DATA FOR THIS TASK:

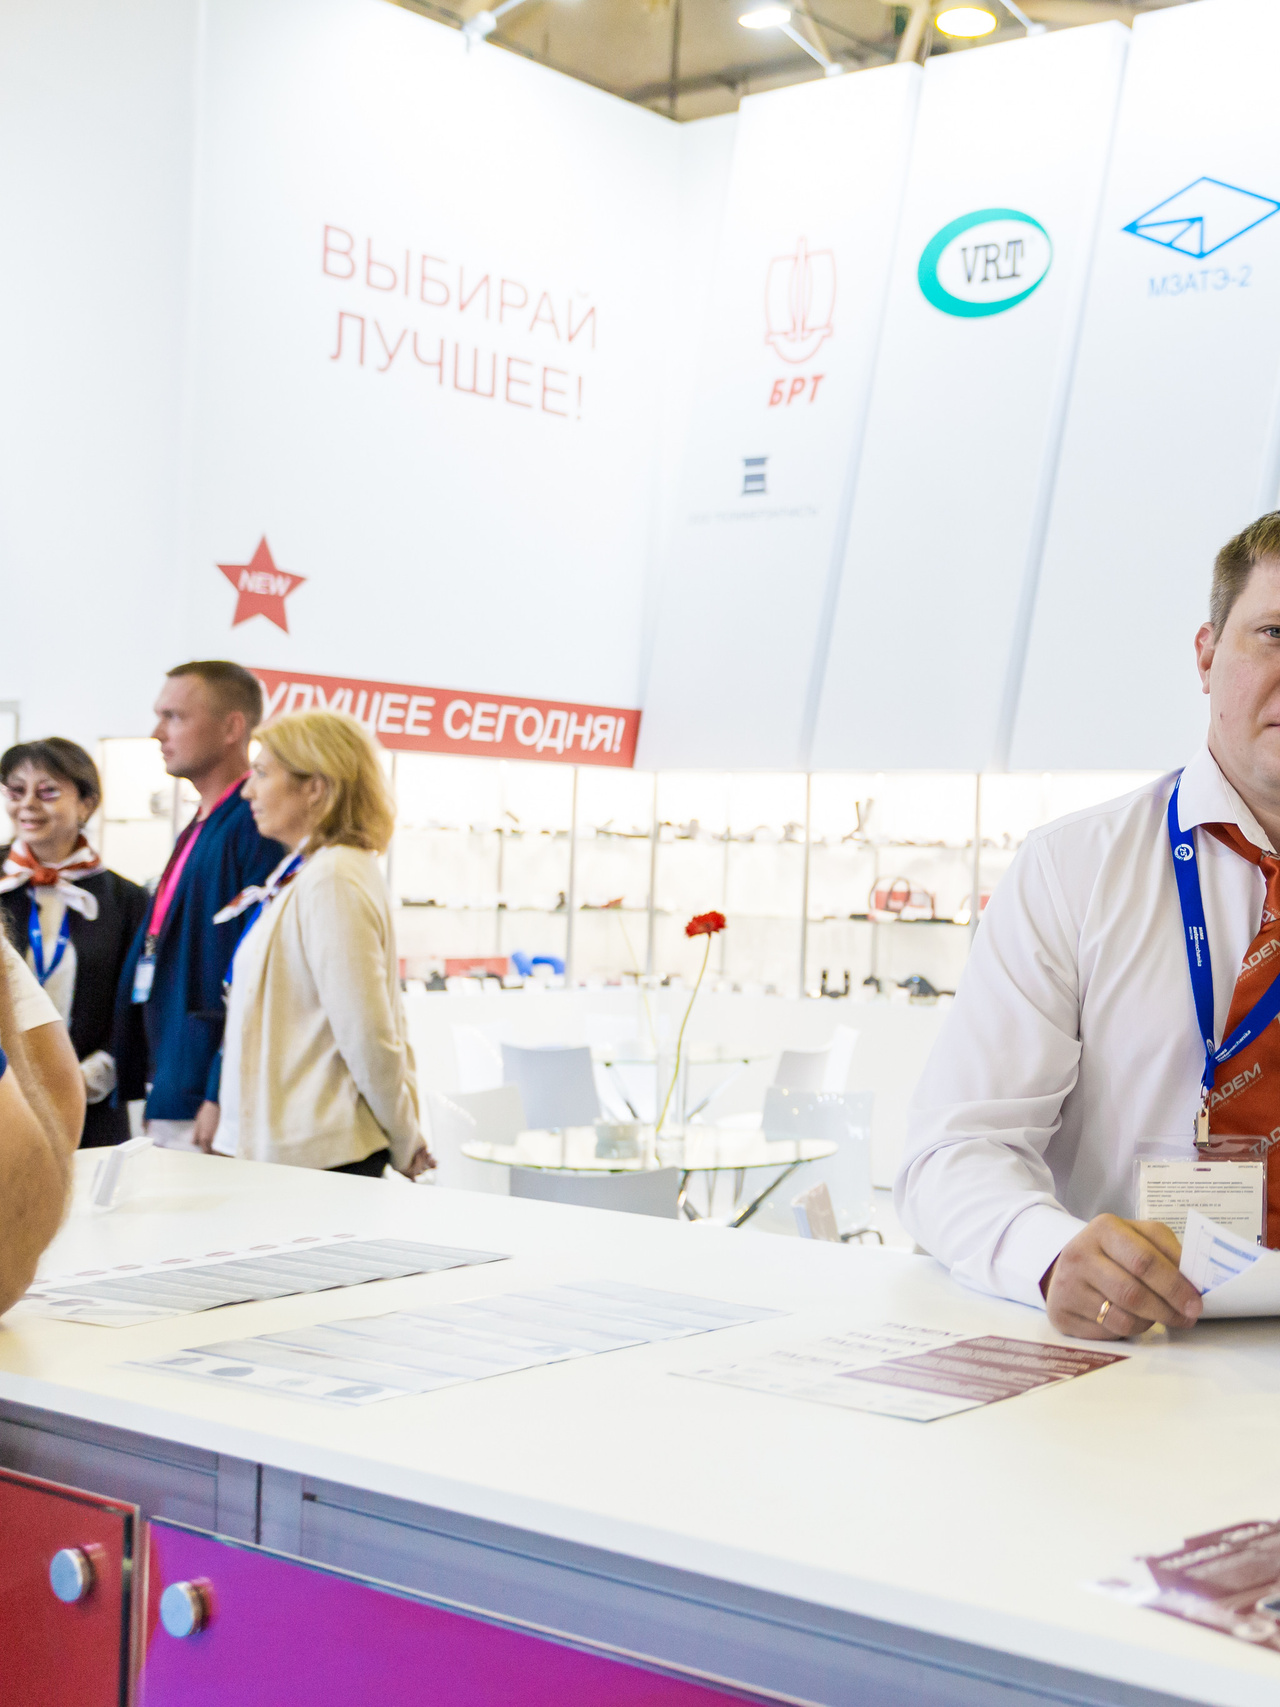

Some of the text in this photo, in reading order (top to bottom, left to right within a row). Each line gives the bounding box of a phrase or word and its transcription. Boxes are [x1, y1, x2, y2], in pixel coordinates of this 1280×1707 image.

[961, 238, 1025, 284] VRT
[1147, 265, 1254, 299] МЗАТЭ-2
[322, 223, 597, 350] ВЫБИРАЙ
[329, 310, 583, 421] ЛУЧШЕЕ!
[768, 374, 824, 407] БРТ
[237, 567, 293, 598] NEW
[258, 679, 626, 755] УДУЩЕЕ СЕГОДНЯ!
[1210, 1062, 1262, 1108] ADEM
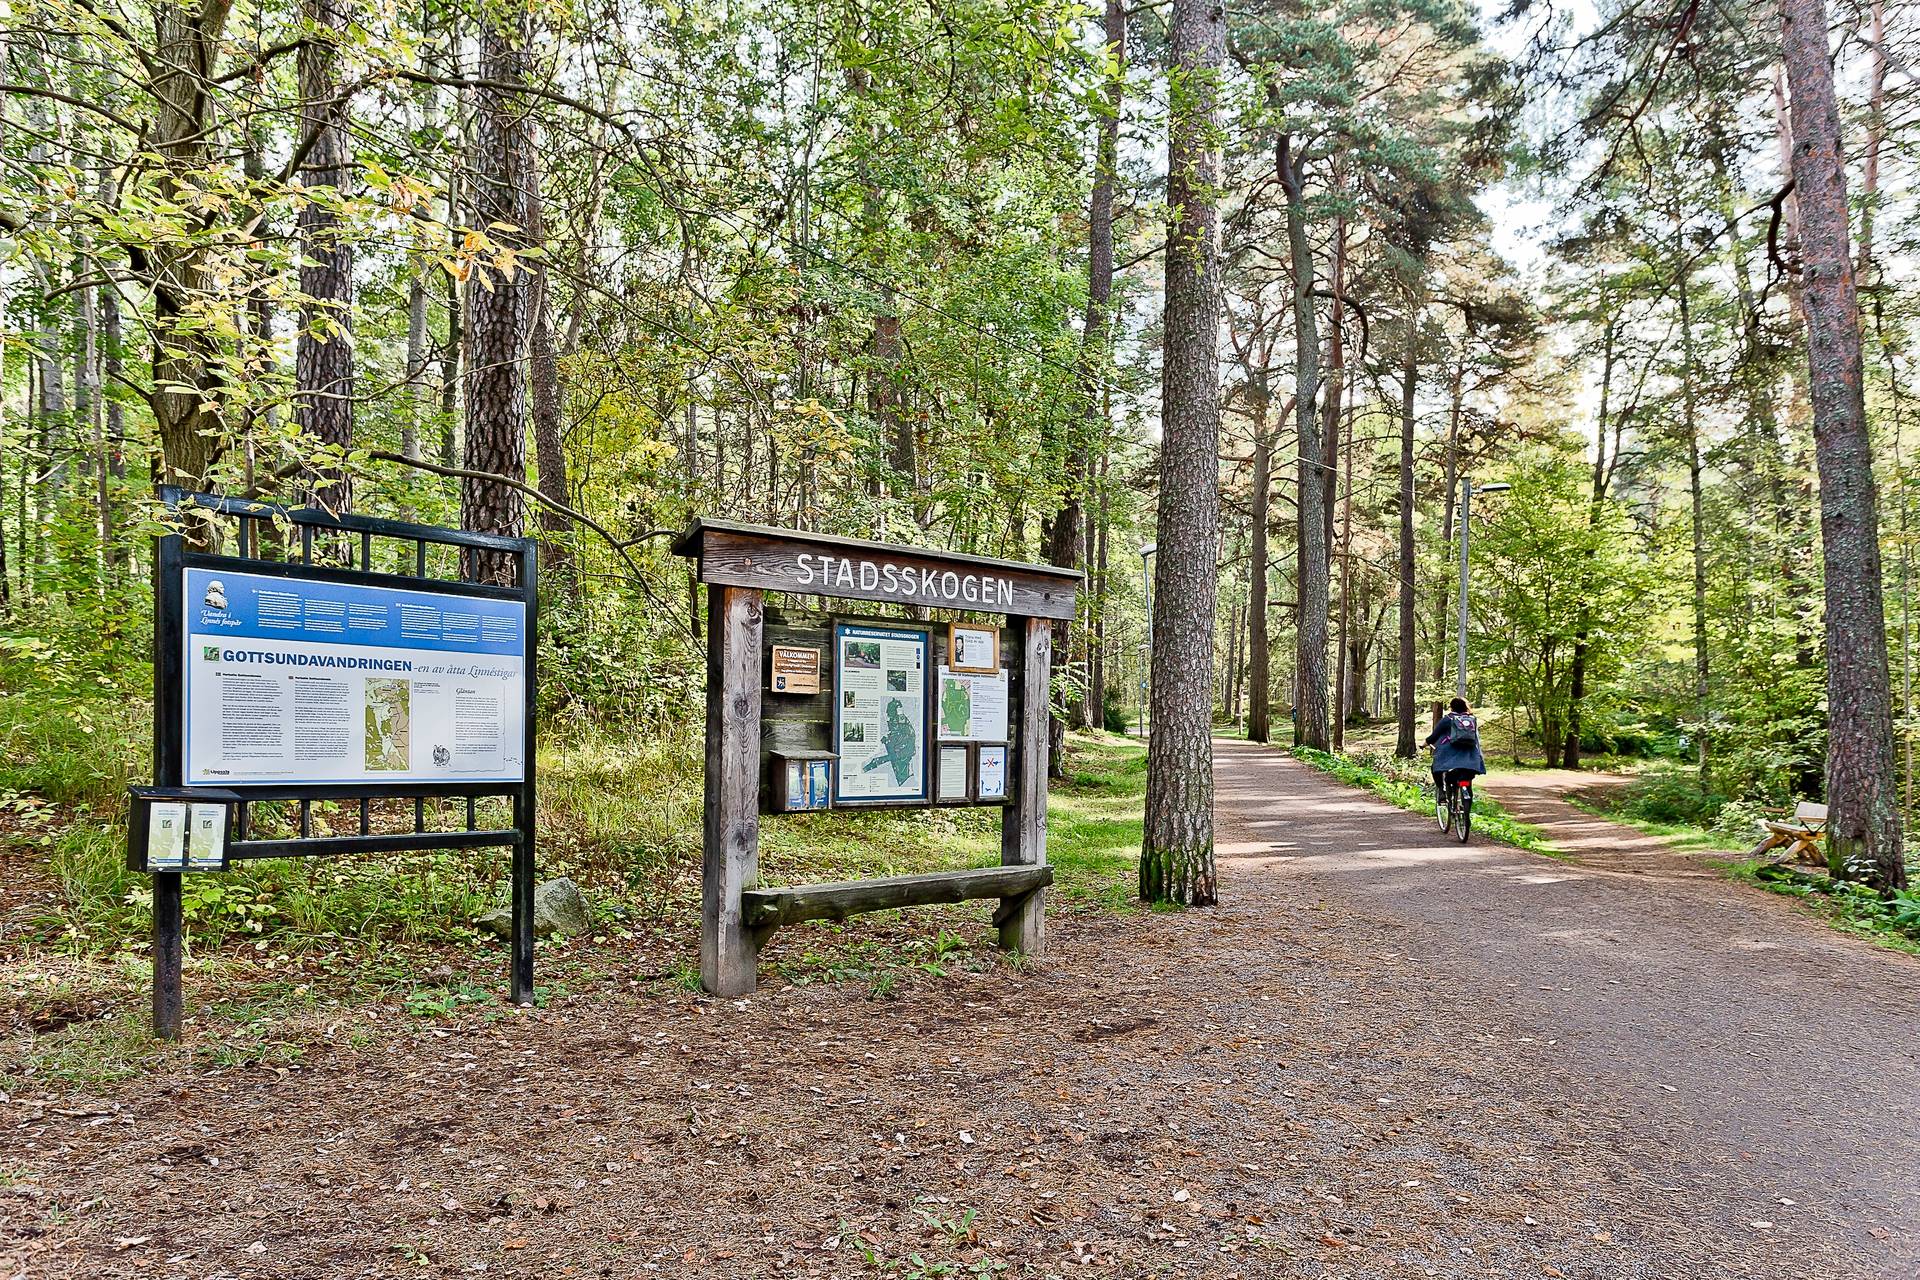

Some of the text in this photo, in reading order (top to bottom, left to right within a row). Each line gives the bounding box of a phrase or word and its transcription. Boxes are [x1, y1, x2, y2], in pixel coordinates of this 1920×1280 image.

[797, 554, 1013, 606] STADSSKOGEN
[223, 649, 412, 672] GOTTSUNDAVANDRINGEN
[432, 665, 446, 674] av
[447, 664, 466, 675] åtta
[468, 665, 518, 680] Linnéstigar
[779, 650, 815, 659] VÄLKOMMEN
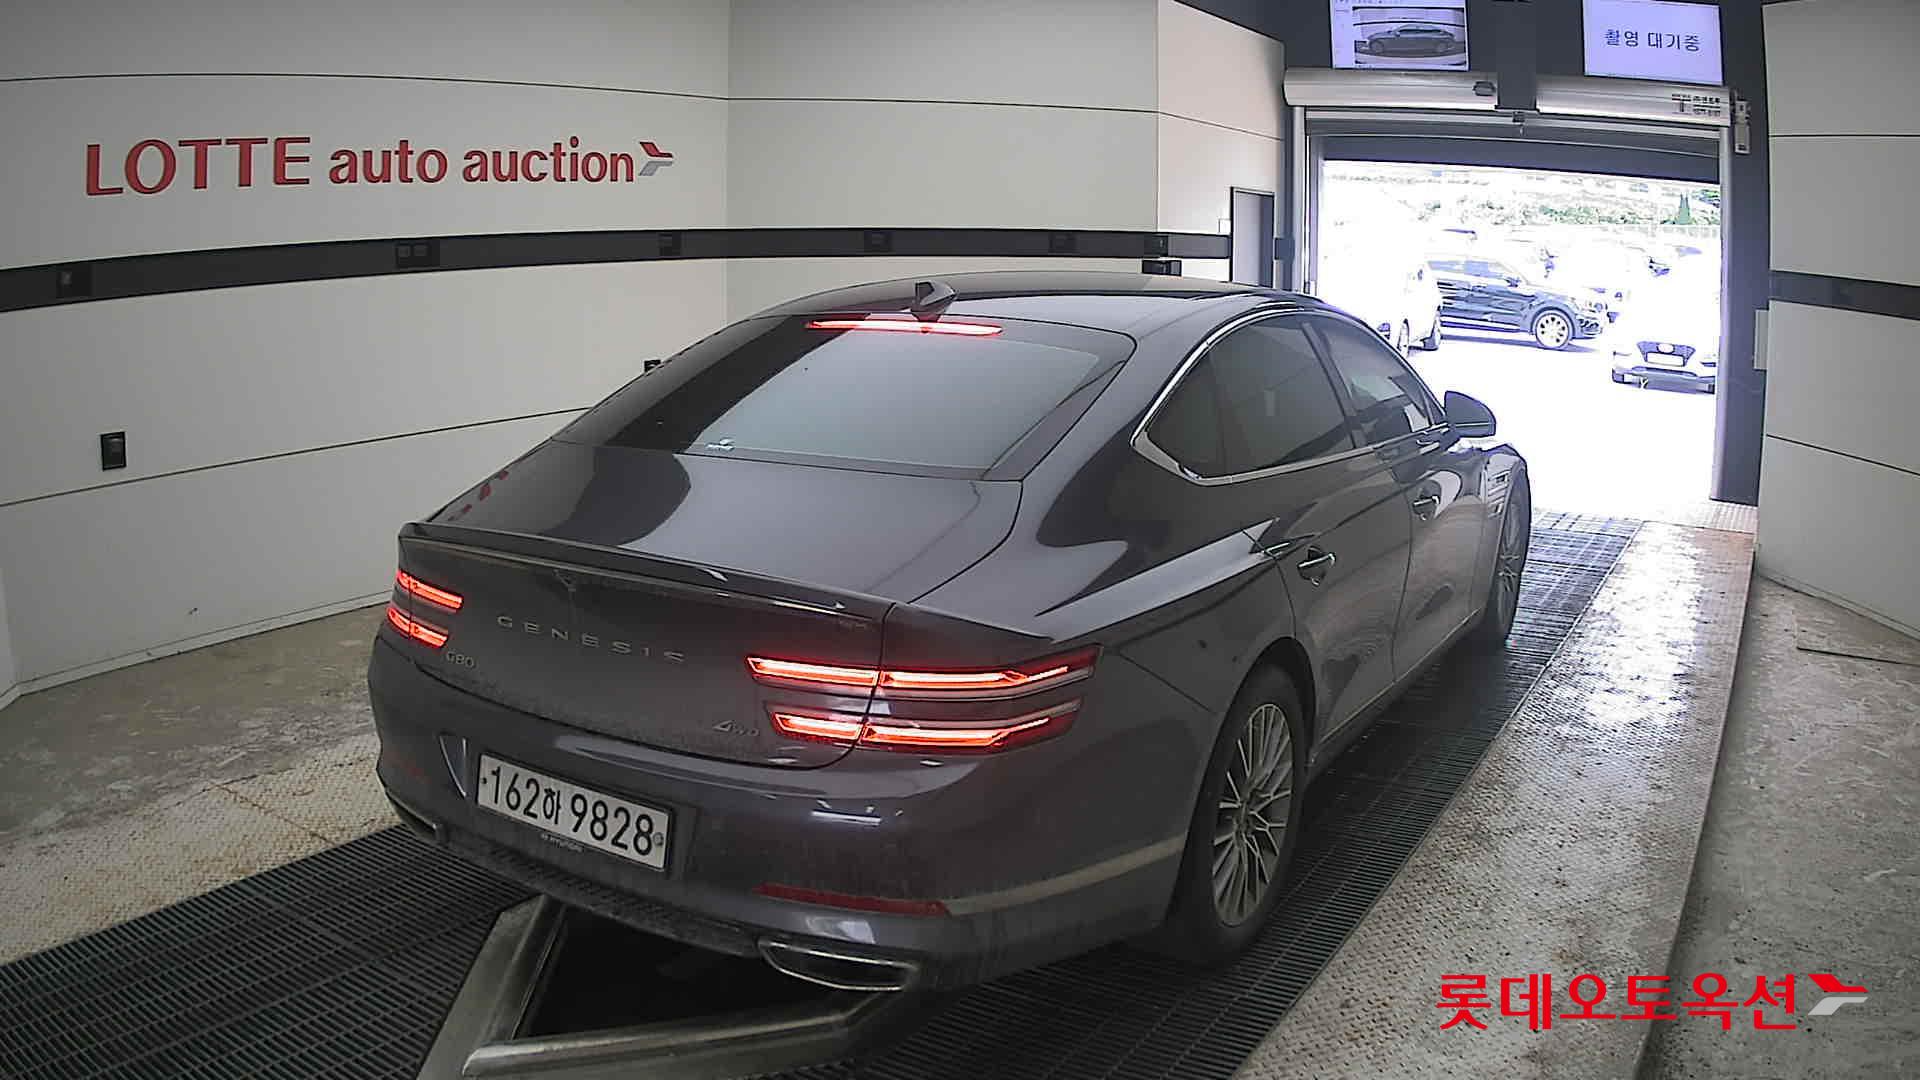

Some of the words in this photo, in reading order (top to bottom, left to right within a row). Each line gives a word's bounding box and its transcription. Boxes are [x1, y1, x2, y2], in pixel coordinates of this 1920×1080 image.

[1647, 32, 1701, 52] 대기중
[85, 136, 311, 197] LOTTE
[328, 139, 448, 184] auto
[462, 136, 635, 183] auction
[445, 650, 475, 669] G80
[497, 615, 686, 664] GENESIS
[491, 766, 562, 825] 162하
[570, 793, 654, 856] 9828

ASSIGNED TASK: Your copy should match the records word for word, with the pictures removed.

WORKED SOLUTION:
Some of the text in this photo, in reading order (top to bottom, left to right within a row). Each line gives the bounding box of a phrase or word and its transcription. Boxes are [x1, y1, x2, y2], in pixel coordinates of this 1280×1707 image.

[961, 238, 1025, 284] VRT
[1147, 265, 1254, 299] МЗАТЭ-2
[322, 223, 597, 350] ВЫБИРАЙ
[329, 310, 583, 421] ЛУЧШЕЕ!
[768, 374, 824, 407] БРТ
[237, 567, 293, 598] NEW
[258, 679, 626, 755] УДУЩЕЕ СЕГОДНЯ!
[1210, 1062, 1262, 1108] ADEM

Some of the text in this photo, in reading order (top to bottom, left to right within a row). Each line gives the bounding box of a phrase or word and its transcription. Boxes are [x1, y1, x2, y2], in pixel coordinates of this 1920×1280 image.

[797, 554, 1013, 606] STADSSKOGEN
[223, 649, 412, 672] GOTTSUNDAVANDRINGEN
[432, 665, 446, 674] av
[447, 664, 466, 675] åtta
[468, 665, 518, 680] Linnéstigar
[779, 650, 815, 659] VÄLKOMMEN

Some of the words in this photo, in reading order (top to bottom, left to right within a row). Each line gives a word's bounding box and its transcription. Boxes are [x1, y1, x2, y2], in pixel coordinates of this 1920×1080 image.

[1647, 32, 1701, 52] 대기중
[85, 136, 311, 197] LOTTE
[328, 139, 448, 184] auto
[462, 136, 635, 183] auction
[445, 650, 475, 669] G80
[497, 615, 686, 664] GENESIS
[491, 766, 562, 825] 162하
[570, 793, 654, 856] 9828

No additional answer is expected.